On The Monster Who Hated Pennsylvania, Damien Jurado gathers up ten stories of people determined not to be broken by their dire circumstances. “The world is a liar, the stars are a must,” he sings over brushed drums, a circling bassline, and acoustic guitar on “Helena,” which opens his 17th album, the first release from Damien’s own Maraqopa Records. Dire circumstances have long been fixtures of Jurado’s songs, which are filled with ghosts, killers, cruel lovers, and the occasional UFO cult or false messiah. But here, the scenes are earthy, drawn from ordinary but no less immense calamities: hurricanes moving toward town, strained connections, amnesiacs in the front yard. On The Monster Who Hated Pennsylvania, Jurado pulls the curtains shut, blocking out “the light now embarrassed and afraid of the dark,” as he sings on “Tom,” one of the album’s haunting numbers, only to throw them open the exact moment sunshine needs to come flooding in.

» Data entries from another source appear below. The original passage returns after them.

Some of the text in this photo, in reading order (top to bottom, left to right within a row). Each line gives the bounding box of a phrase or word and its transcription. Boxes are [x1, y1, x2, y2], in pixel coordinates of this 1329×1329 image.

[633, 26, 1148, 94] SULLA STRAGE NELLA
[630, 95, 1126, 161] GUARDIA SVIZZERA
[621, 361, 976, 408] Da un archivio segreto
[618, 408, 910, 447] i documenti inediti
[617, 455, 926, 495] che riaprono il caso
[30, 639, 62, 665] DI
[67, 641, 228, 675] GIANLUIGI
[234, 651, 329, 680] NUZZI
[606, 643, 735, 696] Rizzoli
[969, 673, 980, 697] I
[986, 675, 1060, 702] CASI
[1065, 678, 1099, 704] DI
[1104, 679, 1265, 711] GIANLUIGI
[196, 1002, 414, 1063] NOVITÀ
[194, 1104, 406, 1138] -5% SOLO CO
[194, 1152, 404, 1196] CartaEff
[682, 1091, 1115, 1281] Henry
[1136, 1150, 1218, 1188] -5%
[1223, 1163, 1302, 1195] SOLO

Jurado has certainly made sparser records than The Monster, but sonically it is among his most exposed, stripping away the cosmic gloss that defined his trio of albums with the late Richard Swift in favor of dry, homespun ambiance. “In a lot of ways, it’s a continuation of the work I did with Swift,” Jurado says. Had the producer not passed away in 2018—he’s been memorialized in a number of Damien’s recent songs—it’s likely the duo would have found themselves drawn in this direction too, Damien suspects, noting that the addition by subtraction approach imbued the new album with a certain quality of “emptiness,” creating the feel of a sort of spiritual karaoke track, tailor made for personal projection. “I wanted to leave space for the listener,” Jurado says.

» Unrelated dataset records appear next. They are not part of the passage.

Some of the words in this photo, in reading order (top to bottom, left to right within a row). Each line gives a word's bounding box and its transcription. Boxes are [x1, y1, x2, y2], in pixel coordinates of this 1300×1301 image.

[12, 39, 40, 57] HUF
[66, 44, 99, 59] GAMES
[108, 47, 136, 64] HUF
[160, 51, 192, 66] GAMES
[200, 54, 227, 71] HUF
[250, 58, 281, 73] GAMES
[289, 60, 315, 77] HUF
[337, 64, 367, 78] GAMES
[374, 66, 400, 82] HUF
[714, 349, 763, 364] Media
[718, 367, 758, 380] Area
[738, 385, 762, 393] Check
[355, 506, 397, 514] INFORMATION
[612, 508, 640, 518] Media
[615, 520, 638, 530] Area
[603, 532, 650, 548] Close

Known for working fast—he’s usually got a handful of finished albums at the ready at any given time—the compositions here are uncluttered, but not slight, decorated by Beatles-esque bass-lines, drums, and strings. Inspired by the sound of records like Lou Reed’s The Bells and Paul McCartney’s Ram, Jurado produced the new album himself, employing “a certain dryness,” which allowed the songs to feel cavernous, even “after spending so long in reverb land,” Jurado laughs.
Jurado’s discography is full of detours—from answering machine collages to full-on electric rock band outings—but there’s a through line connecting it all, evidence of an almost oracular or prophetic unease that lurks in Jurado’s headspace. Listening to The Monster Who Hated Pennsylvania, you can still hear that young man living within these songs, speaking as if from the other side, about the circumstances that crush people or leave them vexed. “The loneliest place I’ve ever been is in your arms,” he sings on the ghostly, Jason Molina-evoking “Male Customer #1”; “I hadn’t been in a car yet/Hearing the world through your eyes,” he sings on the quixotic “Jennifer.”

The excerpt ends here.